## Task to carry out
Copy each line of the data below, character for character.

[[ Records to process open ]]

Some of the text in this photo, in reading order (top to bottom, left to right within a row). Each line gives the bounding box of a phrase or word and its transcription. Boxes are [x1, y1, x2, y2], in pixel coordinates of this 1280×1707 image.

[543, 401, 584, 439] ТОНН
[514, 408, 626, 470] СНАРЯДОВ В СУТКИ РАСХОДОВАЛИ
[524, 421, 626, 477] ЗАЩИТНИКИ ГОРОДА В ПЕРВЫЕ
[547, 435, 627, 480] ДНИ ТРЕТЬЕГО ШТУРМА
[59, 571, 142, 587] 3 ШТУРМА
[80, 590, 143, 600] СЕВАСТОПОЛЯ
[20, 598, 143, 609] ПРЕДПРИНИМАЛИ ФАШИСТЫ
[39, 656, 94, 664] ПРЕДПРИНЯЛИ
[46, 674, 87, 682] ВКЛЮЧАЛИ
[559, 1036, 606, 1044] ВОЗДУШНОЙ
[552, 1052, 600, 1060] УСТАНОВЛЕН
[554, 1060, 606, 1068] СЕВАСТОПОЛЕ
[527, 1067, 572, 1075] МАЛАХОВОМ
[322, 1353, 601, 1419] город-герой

[[ Records to process closed ]]

## Response area
Some of the text in this photo, in reading order (top to bottom, left to right within a row). Each line gives the bounding box of a phrase or word and its transcription. Boxes are [x1, y1, x2, y2], in pixel coordinates of this 1280×1707 image.

[543, 401, 584, 439] ТОНН
[514, 408, 626, 470] СНАРЯДОВ В СУТКИ РАСХОДОВАЛИ
[524, 421, 626, 477] ЗАЩИТНИКИ ГОРОДА В ПЕРВЫЕ
[547, 435, 627, 480] ДНИ ТРЕТЬЕГО ШТУРМА
[59, 571, 142, 587] 3 ШТУРМА
[80, 590, 143, 600] СЕВАСТОПОЛЯ
[20, 598, 143, 609] ПРЕДПРИНИМАЛИ ФАШИСТЫ
[39, 656, 94, 664] ПРЕДПРИНЯЛИ
[46, 674, 87, 682] ВКЛЮЧАЛИ
[559, 1036, 606, 1044] ВОЗДУШНОЙ
[552, 1052, 600, 1060] УСТАНОВЛЕН
[554, 1060, 606, 1068] СЕВАСТОПОЛЕ
[527, 1067, 572, 1075] МАЛАХОВОМ
[322, 1353, 601, 1419] город-герой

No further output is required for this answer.